Medya

Çatlak Zurnalar

Emperyalizm bazen de birleştirir.

Suriyeliler, Türkiye’ye ilk geldiklerinde daha önce hazırlanmış olan kamplara yerleştirildiler. O dönemde kafileler halinde sınırı geçenlerin sayısı kısa zamanda on binleri bulmuştu. Gelenlerle ilgili olarak devlet yetkilileri, “Yüz bin sayısı kırmızı çizgimizdir. Asla bu sayı aşılmayacak.” demişlerdi.

Aşılmak ne kelime, üstünü çiğnenerek Arapların milyonlarcası Türkiye’ye taşındı. Arapların boşalttıkları yerde ise planlandığı gibi PKK Devleti kuruldu.

Türkiye ve Suriye içindekilerle birlikte yaklaşık 12 – 15 milyon Arap’ın bakımı, beslenmesi, güvenliği üstümüze kaldı.

Devletin açık kapı politikasını duyan Pakistanlı, Afgan, Afrikalı kapağı Türkiye’ye attı.

Geldiler.

Geldiler.

Durmadan geldiler.

Şimdi sokaklar, caddeler dolusu oldular.

Basında, Bir iki yıl içinde milyonlarca Afgan’ın daha Türkiye’ye geleceği yazıyor.

Her gece televizyonlarda “Ne olacak bu mültecilerin durumu?” sorusuna yanıt aranıyor.

Konuşmacılar belli merkezlere bağlı oldukları için sorunu çarpıtarak ele alıyorlar.

Hiç kimse gerçeği tam olarak anlatmıyor.

Bir de üstüne üstlük, “Türkler geldikleri yere, Asya’ya gitsinler. Yerlerine Afganlar gelsinler.” diyen siyasetçilere de tanık oluyoruz

Devletin yüksek tepelerinde ve parti liderliklerinde Türklerin yer alamadığını bildiğimizden dolayı bu konuşmalar bizi hiç şaşırtmadı.

Sokaktaki insan da, politika içinde olanda “Afganlar” üzerine bir şeyler söylüyor.

Milletin ezici çoğunluğu Tüm mülteciler ülkelerine gitsinler!” demesine rağmen bu haklı isteği, hastalıklı, ırkçı, faşist” bulan çok bilmiş aydınlarımız(!) da var.

Sözünü ettiğim kişilerden biri de Sözcü gazetesi köşe yazarı Erdoğan Aktaş.

30 Temmuz 2021 tarihli köşesinde;

…göçmenler hakkında söylenenler, sorunun kendisinden de ürkütücü.
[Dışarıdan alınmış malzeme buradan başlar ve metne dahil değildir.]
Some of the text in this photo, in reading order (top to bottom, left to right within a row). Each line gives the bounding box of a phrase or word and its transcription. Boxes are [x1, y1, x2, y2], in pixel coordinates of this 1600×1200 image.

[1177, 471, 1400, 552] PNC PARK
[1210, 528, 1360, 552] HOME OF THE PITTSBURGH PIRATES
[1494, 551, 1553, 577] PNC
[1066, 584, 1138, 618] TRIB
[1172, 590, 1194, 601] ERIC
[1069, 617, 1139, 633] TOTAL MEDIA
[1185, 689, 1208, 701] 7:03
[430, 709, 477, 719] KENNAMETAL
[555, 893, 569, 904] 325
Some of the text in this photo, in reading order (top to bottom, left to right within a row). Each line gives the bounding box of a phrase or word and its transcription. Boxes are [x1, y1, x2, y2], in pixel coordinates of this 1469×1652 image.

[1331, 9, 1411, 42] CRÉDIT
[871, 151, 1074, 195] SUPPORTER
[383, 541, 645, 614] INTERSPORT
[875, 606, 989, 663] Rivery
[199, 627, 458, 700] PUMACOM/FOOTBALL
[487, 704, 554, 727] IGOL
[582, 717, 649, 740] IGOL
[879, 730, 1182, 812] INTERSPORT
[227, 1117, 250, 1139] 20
Faşizan ve ırkçı söylemler yayılıyor. Göçmen sorununa iki tür ve çok sorunlu bakış açısı ağırlık kazanıyor. Birinci grup, ‘Yeter artık kardeşim ülkelerine gitsinler’ diyerek Türkiye’deki sosyal ve ekonomik sorunların temeline göçmenleri koyuyor… Birinci yaklaşım, ırkçılık içeriyor ve şiddeti besliyor… Bu durum gittikçe ırkçı ve faşist bir taban oluşturmaya başladı. Üstelik bu ırkça ve faşizan söylemlerden siyaseten beslenenler de artıyor…Çok geç olmadan herkesin bir kez daha düşünmesi gerekir. Çünkü ırkçılık ve faşizan söylemler düzensiz göçmen sorunundan bile çok daha büyük ve önemli bir sorundur. Ve bu sorun önlenmezse ülkece altından kalkamayız.

Kaynak: sözcu.com

Yurdumuza akın akın gelenlerin ülkemizde yaratacağı sosyal ekonomik siyasi, kültürel yıkımı dile getirmesi gerekirken tam tersine doğruları söyleyenleri “faşistlikle, ırkçılıkla” suçluyor.
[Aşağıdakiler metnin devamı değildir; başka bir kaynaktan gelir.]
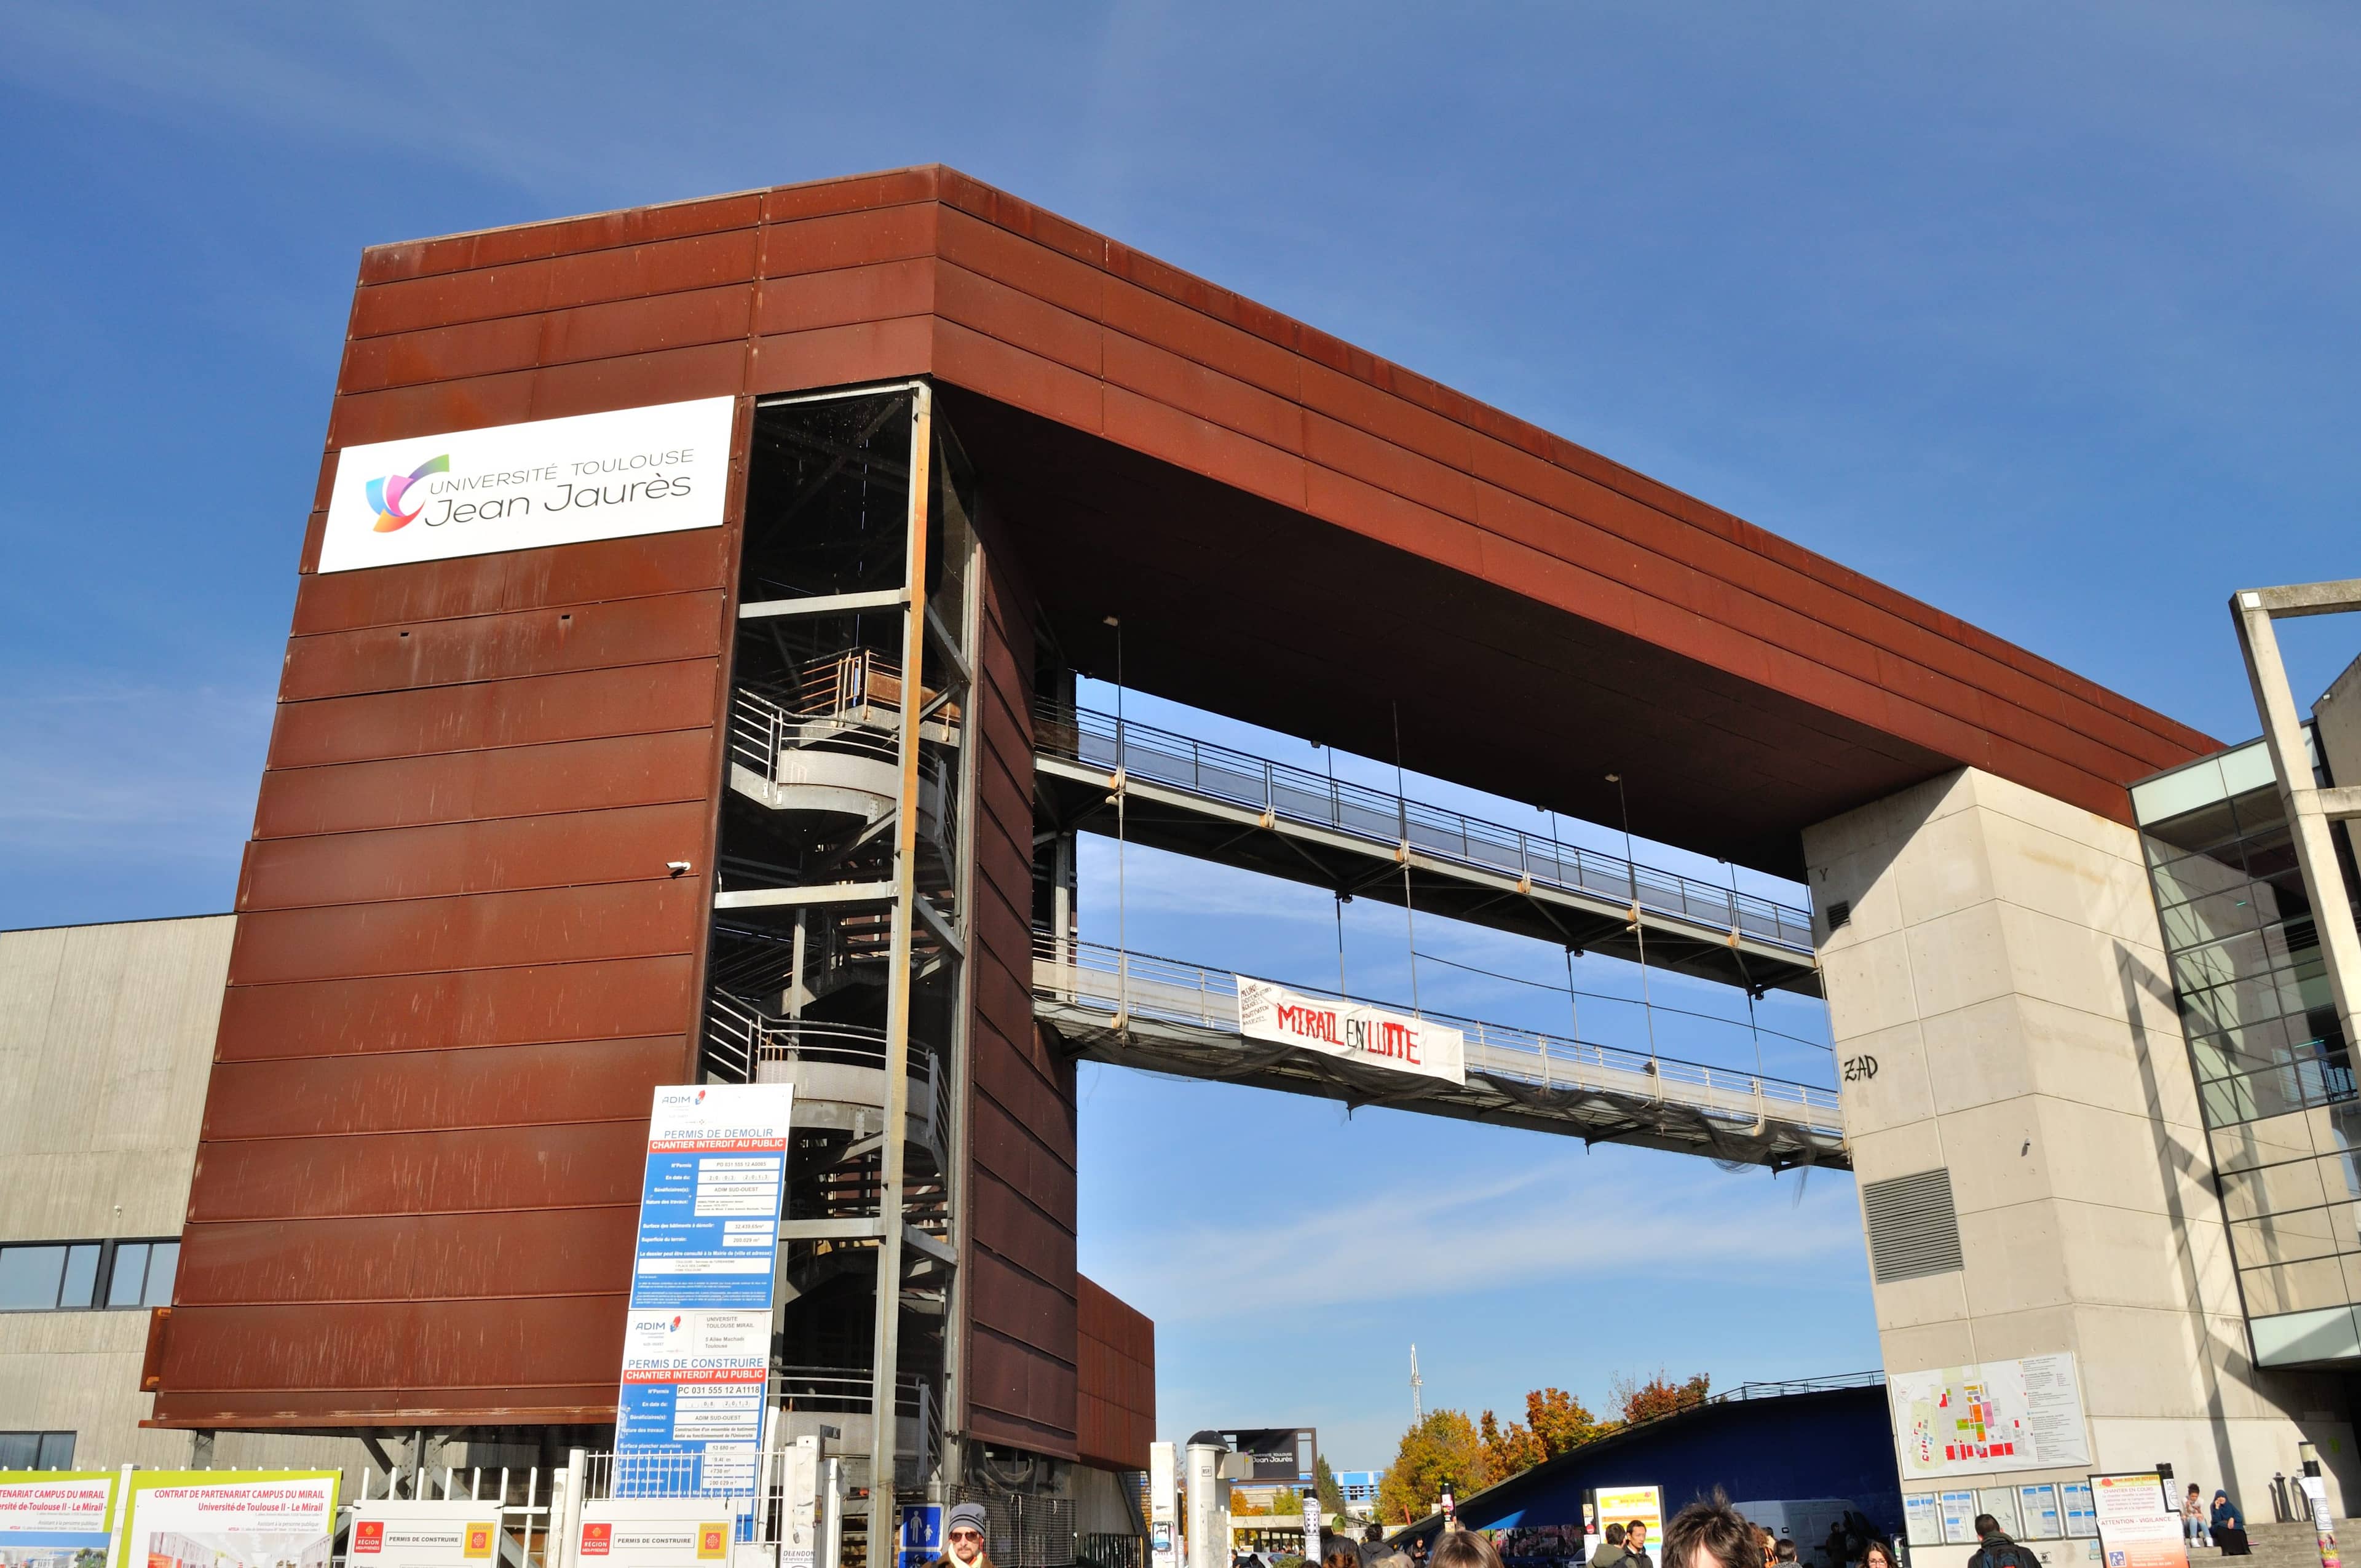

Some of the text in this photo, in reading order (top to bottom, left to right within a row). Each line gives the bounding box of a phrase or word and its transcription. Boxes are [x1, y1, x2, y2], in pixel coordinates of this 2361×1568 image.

[430, 448, 695, 495] UNIVERSITÉ TOULOUSE
[424, 472, 692, 527] Jean Jaurès
[1277, 1003, 1421, 1065] MIRAIL EN LUTTE
[1844, 1055, 1878, 1082] ZAD
[664, 1130, 703, 1139] PERMIS
[724, 1128, 773, 1138] DEMOLIR
[652, 1140, 694, 1149] CHANTIER
[696, 1139, 735, 1148] INTERDIT
[751, 1139, 784, 1147] PUBLIC
[628, 1358, 763, 1368] PERMIS DE CONSTRUIRE
[626, 1371, 671, 1380] CHANTIER
[673, 1371, 712, 1379] INTERDIT
[730, 1370, 763, 1379] PUBLIC
[154, 1490, 188, 1499] CONTRAT
[189, 1490, 199, 1499] DE
[200, 1490, 251, 1499] PARTENARIAT
[252, 1490, 284, 1499] CAMPUS
[285, 1490, 296, 1499] DU
[18, 1502, 28, 1511] de
[82, 1503, 103, 1511] Mirail
[198, 1502, 235, 1511] Université
[236, 1502, 245, 1511] de
[247, 1503, 279, 1511] Toulouse
[301, 1503, 323, 1511] Mirail
Bu saçma saçan sözleri Atatürkçü bir gazetede yazıp çiziyor.

Kimdir bu Erdoğan Aktaş?

Öğrendiğimize göre bu çok bilmiş vatandaş, bir zamanlar Hürriyet, Sabah ve Milliyet’te polis muhabiri olarak çalışmış. Sonradan Star TV, Show TV, ve NTV’de muhabirlik görevine devam etmiş. Televizyon dünyasında yeteneklerini gösterme fırsatı yakalayınca NTV’de “Yakın Plan” adlı bir program hazırlayıp sunmuş. Yakın Plan’da, dünya ve ülke sorunlarına global yaklaşımları sayesinde daha önce çalıştığı Star TV’ye Genel Yayın Yönetmeni olarak dönmüş. Aynı zamanda Posta gazetesinde köşe yazıları yazmış. Oradan da Haber Turk TV Genel Yayın Yönetmenliğine atlamış. Bir yıl sonra da kendisine yapılan ATV Haber Genel Yayın Yönetmenliği teklifine hayır diyememiş.

Yeni Osmanlıcı AKP medyasına kapağı atınca ve rüşdünü ispatlayınca Turkuvaz Holding patronları ona A Haber Kanalı’nı kurma görevini vermişler.

Erdoğan Bey, Reis Erdoğan’a çalıştığı kanalda hizmet ederken diğer yandan da, “Memleket Meselesi” ve “90’a” programlarını hazırlayıp sunmuş.

A Haber, rayına oturunca oradan da hemen CNN Turk’e Genel Müdür olarak zıplamış. İki yıl sonra da Haber Global Genel Yayın Yönetmeni olarak taze görevine başlamış.

Mübarek zat- ı muhterem olmasa yandaş medya külliyen batacak. Televizyon kanallarında köşe kapmaca oynuyor. Çalışmadığı kanal kalmamış. Profesyonel Genel Yayın Yönetmenimiz yeniden Haber Turk’a dönerek “Gece Raporu” adlı bir programı sunmuş.

Sonra nasıl olmuşsa olmuş AKP’nin yandaş kanallarında edindiği engin bilgi ve deneyimlerini Atatürkçü çevrelere de taşımak için Sözcü TV’ye Genel Yayın Yönetmeni olmuş.

Küreselci Erdoğan Aktaş’ın ve Sözcü patronlarının projelerine RTÜK, lisans vermeyerek engel olmuş. Sözcü TV kurma hayali suya düşünce sayın yazarımızı patronlar, Sözcü gazetesinde köşe yazısı yazmakla görevlendirmişler.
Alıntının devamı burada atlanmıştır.